Which meant he couldn’t help it. He couldn’t get them out. And it scarcely mattered if the reason was slippage or their having altered events or some catastrophe in Oxford. Mike was dead. “Mike Davis, 26, died suddenly. Of enemy action.”
She took Mike’s things back to Mrs. Rickett’s, and put them in a drawer of the bureau, then took out the half-charred print of The Light of the World she had retrieved from the floor of St. Paul’s, unfolded it, and sat there on the bed, looking at it—at Christ’s hand, still raised to knock on the door though the door had burned away to nothing, and at his face. It held no expression at all.
“Would you care for me to make arrangements for a memorial service for your friend, Miss Sebastian?” the rector asked her on Friday. “I should be glad to officiate.
I’ve arranged with the rector of St. Bidulphus’s to have Mr. Simms’s funeral there, and I could speak to him about a service for Mr. Davis.”
But Eileen wouldn’t hear of it. “He isn’t dead,” she insisted, and when Polly showed her the entry in his notebook, she said, “That doesn’t say the eleventh. It says the seventeenth. Or the seventh. Look how the water’s blurred the numbers. And even if it does say the eleventh, it doesn’t mean he kept the appointment.”
On Tuesday, Polly went to Mr. Simms’s funeral. She had attempted to persuade Eileen to go, too, but she’d refused to leave her post at the foot of the escalator. “I might miss Mike,” she said, looking hopefully up at the people descending.
The entire troupe was at St. Bidulphus’s, including Nelson. Miss Laburnum and Miss Hibbard both wore black-veiled hats and carried black-edged handkerchiefs.
Sir Godfrey recited the St. Crispin’s Day speech: “ ‘They shall not speak of this, from this day to the ending of the world, but we in it shall be remembered, we few, we happy few, we band of brothers; for he today that sheds his blood with me shall be my brother.’ ”
And the rector, giving the eulogy, said, “Mr. Simms was no less a soldier than the men in Henry the Fifth’s army, and no less a hero.”

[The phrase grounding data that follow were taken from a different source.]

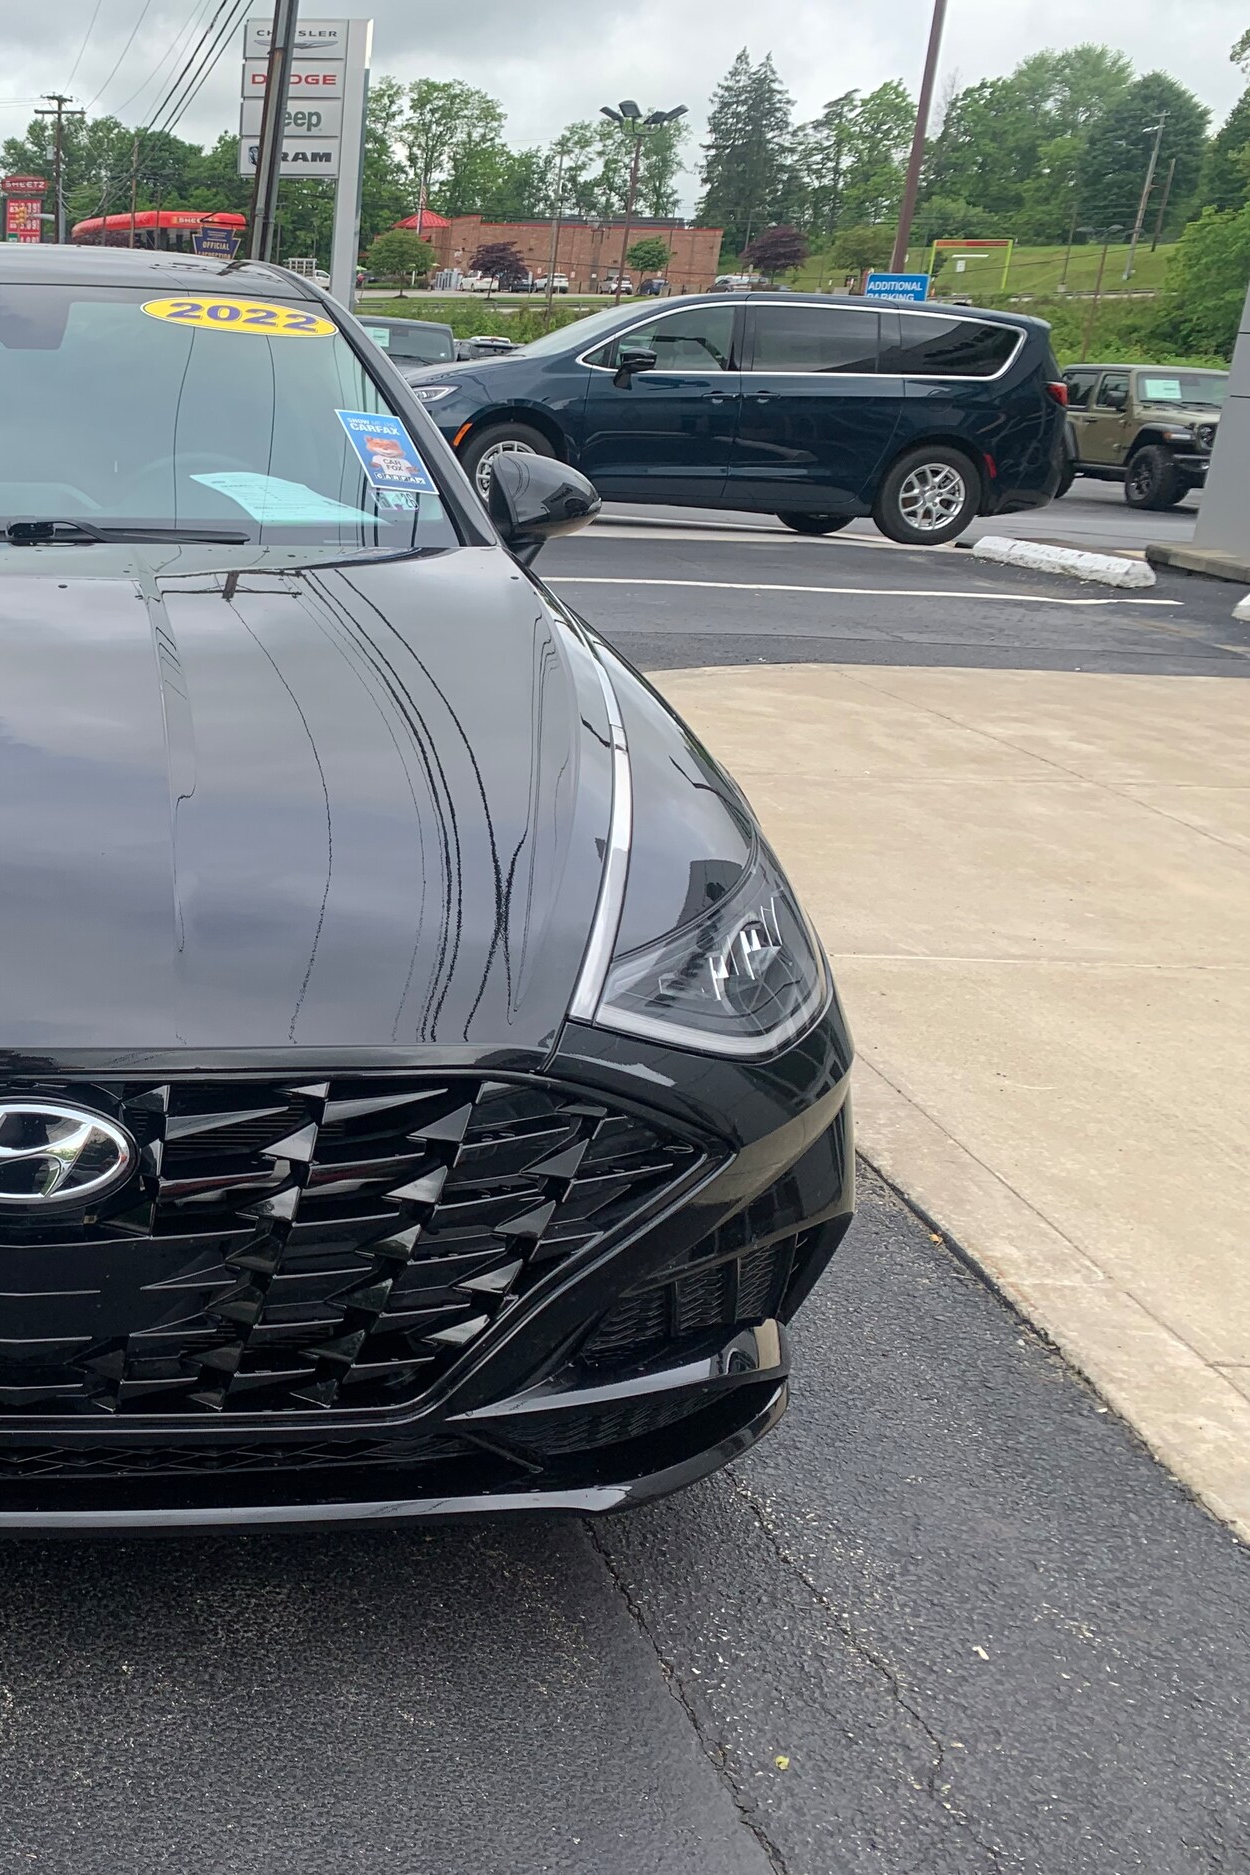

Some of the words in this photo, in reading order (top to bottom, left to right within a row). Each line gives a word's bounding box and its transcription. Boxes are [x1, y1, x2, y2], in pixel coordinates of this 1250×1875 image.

[252, 74, 336, 85] DDGE
[283, 110, 322, 132] eep
[202, 241, 230, 250] OFFICIAL
[868, 281, 923, 290] ADDITIONAL
[166, 302, 318, 333] 2022
[350, 422, 401, 436] CARFAX
[383, 458, 401, 466] CAR
[374, 472, 426, 485] CARFAX

So was Mike, Polly thought, and it didn’t matter what he had been doing when he died any more than it mattered whether an RAF pilot was killed in a dogfight or while he was on leave. Mike had still died trying to get them out. He had devoted every moment since he’d found them to doing that. And it didn’t matter that he’d failed either. History was full of failed attempts—Thermopylae, Scott’s trek back from the South Pole, the siege of Khartoum. He was still a hero.
After the funeral, the rector asked Polly again about scheduling a service. “I could speak to the Reverend Mr. Unwin now, or perhaps you’d like to have it in some other church.”

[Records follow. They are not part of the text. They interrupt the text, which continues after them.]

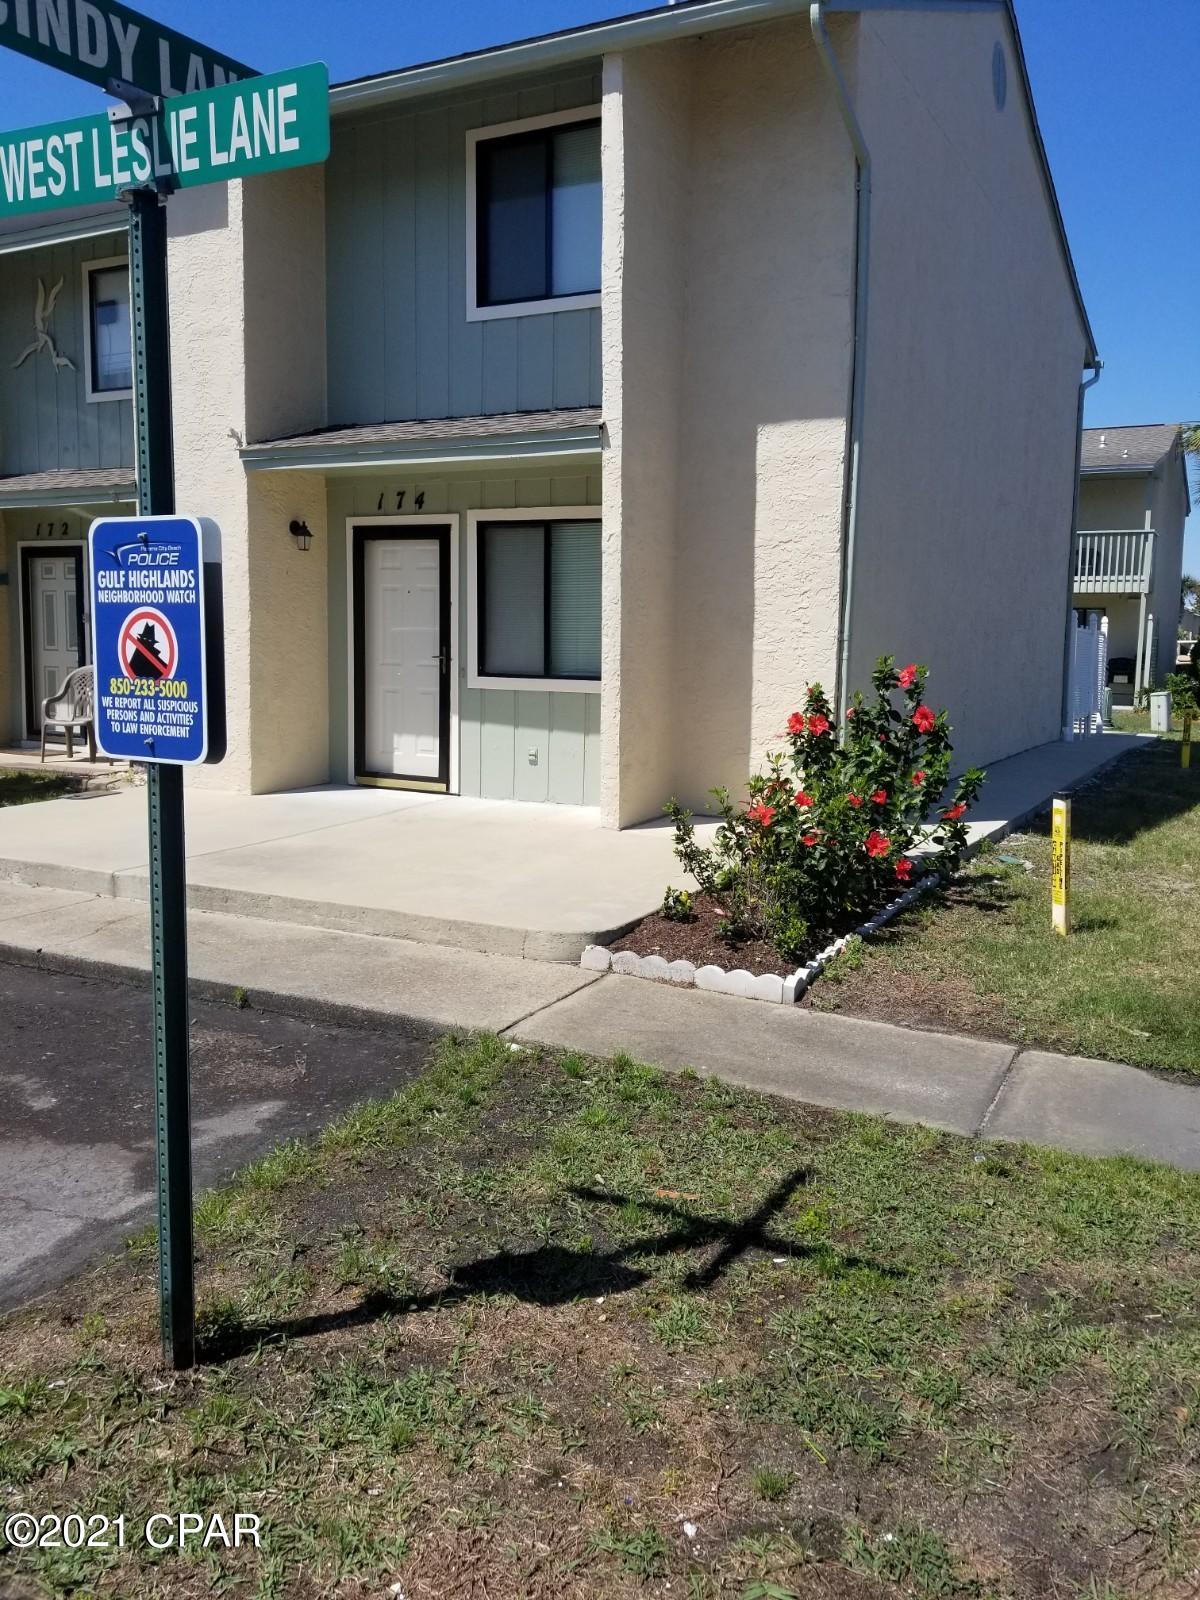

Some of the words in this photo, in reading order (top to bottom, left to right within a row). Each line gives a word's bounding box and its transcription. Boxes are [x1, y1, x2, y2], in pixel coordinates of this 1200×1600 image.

[0, 0, 140, 82] INDY
[159, 38, 251, 97] LA
[0, 131, 84, 203] WEST
[92, 106, 199, 188] LESLIE
[208, 83, 300, 166] LANE
[377, 491, 425, 510] 174
[36, 522, 69, 537] 172
[127, 552, 180, 566] POLICE
[98, 570, 126, 589] GULF
[128, 570, 196, 589] HIGHLANDS
[98, 589, 165, 604] NEIGHBORHOOD
[166, 589, 196, 604] WATCH
[110, 677, 187, 699] 850-233-5000
[102, 696, 113, 708] WE
[115, 697, 141, 710] REPORT
[143, 699, 156, 711] ALL
[158, 700, 199, 714] SUSPICIOUS
[106, 709, 138, 722] PERSONS
[140, 711, 156, 722] AND
[157, 713, 194, 726] ACTIVITIES
[111, 721, 120, 733] TO
[122, 722, 138, 734] LAW
[140, 724, 190, 738] ENFORCEMENT

Yes, Polly thought, St. Paul’s. It’s where all the heroes are: Wellington and Lord Nelson and Captain Faulknor. Mike should be there as well, though she knew they’d never allow it.
But she asked Mr. Humphreys anyway, and, to her surprise, he said that they could hold a small private service in the Chapel of St. Michael and St. George. “I am so sorry about Mr. Davis,” Mr. Humphreys said. “It’s difficult sometimes to see God’s plan in all this violence and death, but with His help, it will all come right in the end.”
He asked Polly what day she’d like to have the service, and she told him about Eileen. “People often find death difficult to accept,” he said, shaking his head,
“particularly when it is sudden. Is there someone she’s close to who could help her through this? Her mother or father, perhaps, or a friend from school?”
None of them has been born yet, Polly thought, going to Oxford Circus to attempt to persuade Eileen to return to Mrs. Rickett’s and get some sleep. Things couldn’t go on this way. Eileen was eating almost nothing and sleeping scarcely at all. There were dark hollows under her eyes and a driven, distracted look about her.
Like Mike had, Polly thought. She must get through to her somehow.
But Eileen wouldn’t listen to her. And there’s no one else here she’s close to, Polly thought, and then realized that wasn’t true. She wrote to the vicar in Backbury, and when she didn’t hear back from him after several days, went in search of Alf and Binnie Hodbin.
They were hardly ideal comforters, but Eileen cared about them—she’d been talking about them just before they found out about Mike. And the important thing now was to jar Eileen back to reality, something Alf and Binnie were experts at.
now was to jar Eileen back to reality, something Alf and Binnie were experts at.
Polly didn’t know where they lived except that it was in Whitechapel, and according to Eileen, no one was ever at home. Which left the tube stations.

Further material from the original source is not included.